Task requirements
Word-for-word transcription is needed for all of the entries.

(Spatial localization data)
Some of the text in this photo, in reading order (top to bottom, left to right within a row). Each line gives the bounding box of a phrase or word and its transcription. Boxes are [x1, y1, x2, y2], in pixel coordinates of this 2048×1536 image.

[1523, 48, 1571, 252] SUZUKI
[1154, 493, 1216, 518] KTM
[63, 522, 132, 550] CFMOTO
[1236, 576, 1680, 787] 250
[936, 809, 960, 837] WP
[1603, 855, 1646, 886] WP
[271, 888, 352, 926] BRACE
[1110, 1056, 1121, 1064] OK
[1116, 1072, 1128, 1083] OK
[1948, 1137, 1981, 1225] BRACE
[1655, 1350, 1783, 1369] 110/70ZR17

Written solution
Some of the text in this photo, in reading order (top to bottom, left to right within a row). Each line gives the bounding box of a phrase or word and its transcription. Boxes are [x1, y1, x2, y2], in pixel coordinates of this 2048×1536 image.

[1523, 48, 1571, 252] SUZUKI
[1154, 493, 1216, 518] KTM
[63, 522, 132, 550] CFMOTO
[1236, 576, 1680, 787] 250
[936, 809, 960, 837] WP
[1603, 855, 1646, 886] WP
[271, 888, 352, 926] BRACE
[1110, 1056, 1121, 1064] OK
[1116, 1072, 1128, 1083] OK
[1948, 1137, 1981, 1225] BRACE
[1655, 1350, 1783, 1369] 110/70ZR17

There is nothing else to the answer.